Panic of 1857
The Panic of 1857 and the Coming of the Civil War
Paul L. Huston, 1987
Huston examined the economic events leading up to the Panic of 1857 in a very cursory fashion, I thought, then spent a fair amount of time discussing political and press reactions to it. This led him to some conclusions about the role of the Panic in foregrounding some economic issues in the sectional debate that led to the Civil War, although Huston was quick to qualify these claims and placed them in a generalized “blame-everything-on-slavery” context. Interestingly, it seemed to me he missed the point that Republicans may have used this blaming technique as a way not only of focusing attention on issues they wanted to address, but also as a way of diverting attention away from issues they wanted to ignore. The Lynn strikes, for example, were recast by Horace Greeley and others as an opportunity for western expansion that (darn those southerners!) was imperiled by expansion of the slave economy into the southwest. Republican “labor policy” included the claim that low wages were due to the “degradation of labor,” which diverted attention to the specific abuses of (rich Republican) capitalists, as well as to systemic problems caused by the growth of corporate (as opposed to small-producer) capitalism. The irony is, early Republicans had warned of this but had been pushed to the sidelines.
Huston’s conclusion was that "Economic issues did not have to play a role in the election of 1860. By their own intransigence,” he said, “Democrats allowed Republicans to take advantage of the economic questions that the Panic had reinvigorated." Did they? Or does his story suggest that these economic policies were not hard-wired into either party's DNA, but were arrived at contingently and maybe a little bit opportunistically?

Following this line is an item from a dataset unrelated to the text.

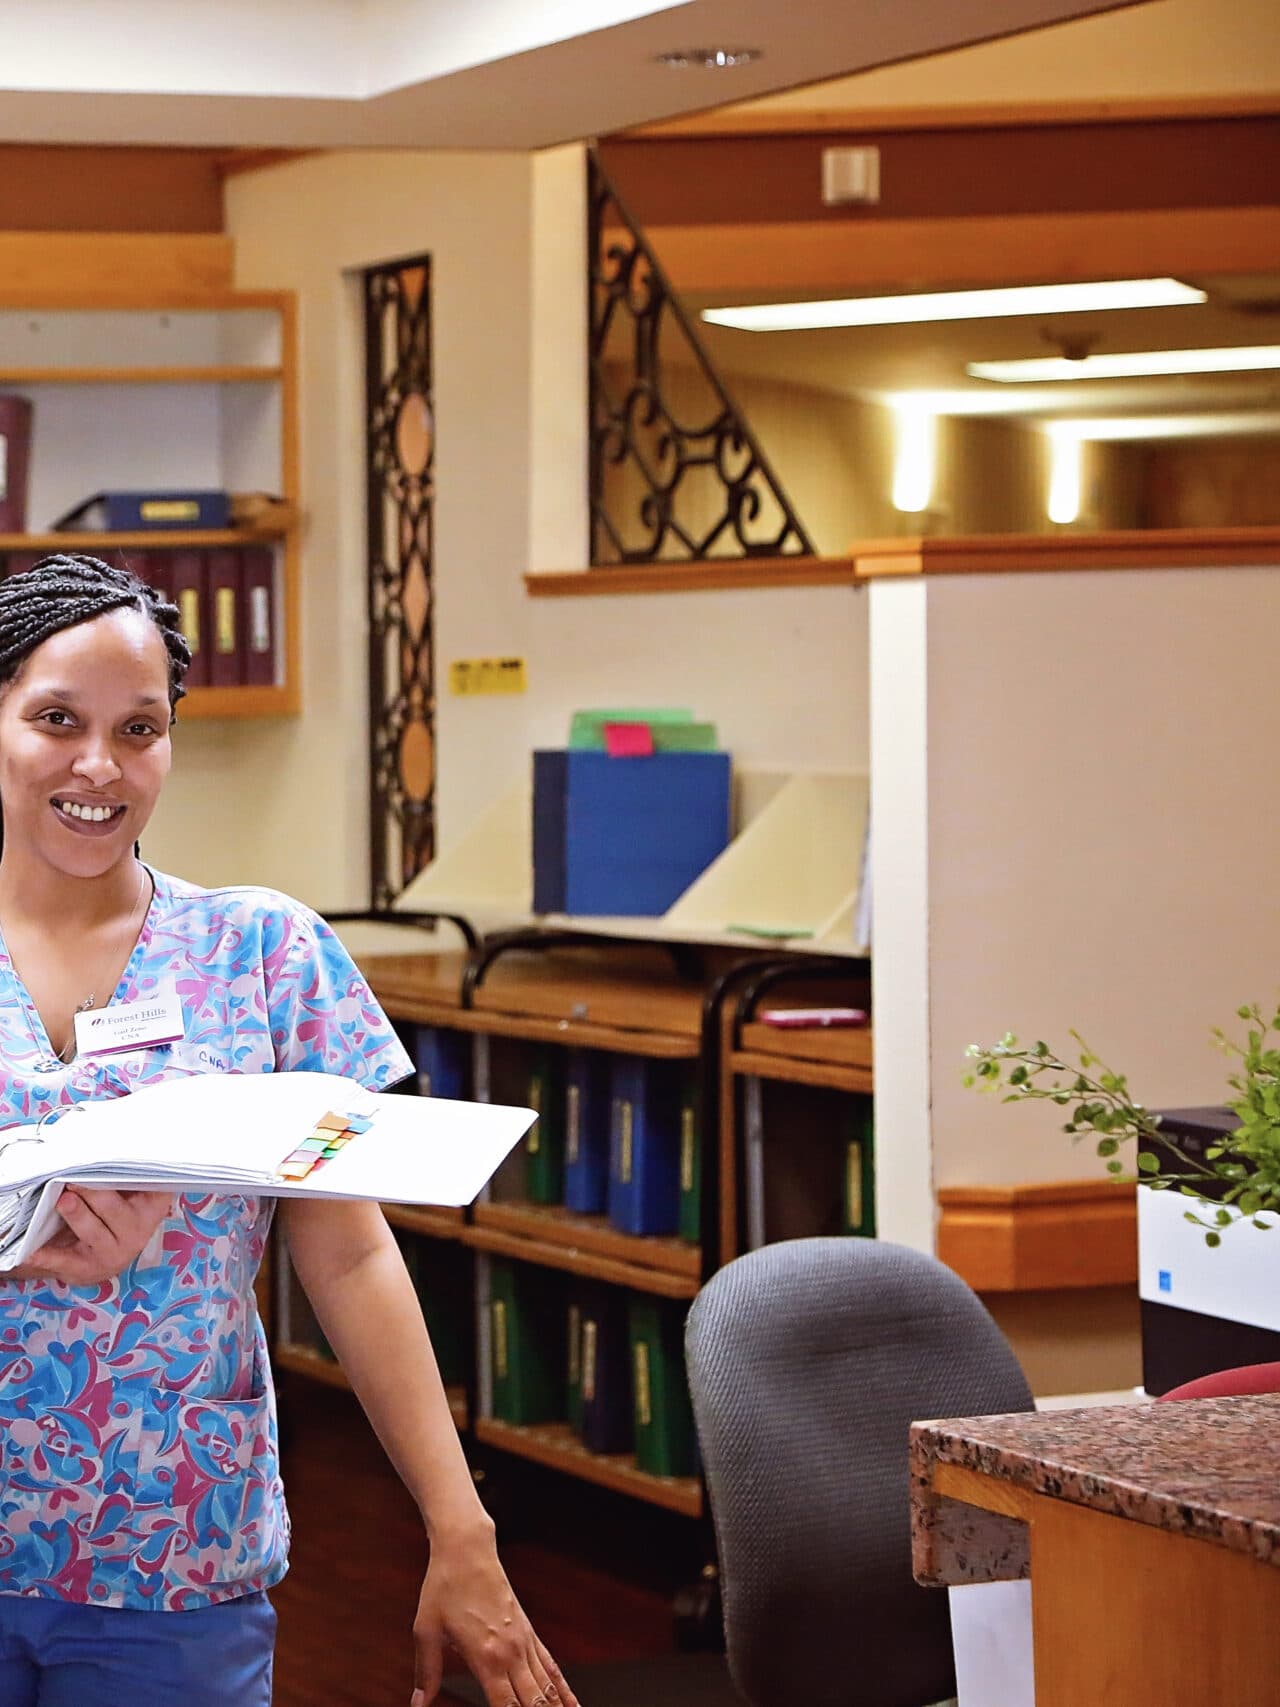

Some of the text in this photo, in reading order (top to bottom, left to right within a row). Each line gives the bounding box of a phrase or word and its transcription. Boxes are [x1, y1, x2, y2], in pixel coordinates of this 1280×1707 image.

One thing that did come out clearly, was the sectional nature of the Panic of 1857’s impact. It had a much less lasting impact on the South and the Northeast than it did on the West. This was interesting, for my research. Also, the really clear causal role of wheat exports on the Panic and the impact of the Crimean War on overproduction and then collapse in the West, was very helpful to me. I wonder how much the rebound in grain shipments to Europe ("in the fiscal year ending June 30, 1859, the United States exported 3,002,000 bushels of wheat; in fiscal year 1860 the total was 4,155,000; but in the fiscal year ending June 30, 1861, the amount grew to 31,238,000.") influenced Western politics and the 1860 elections?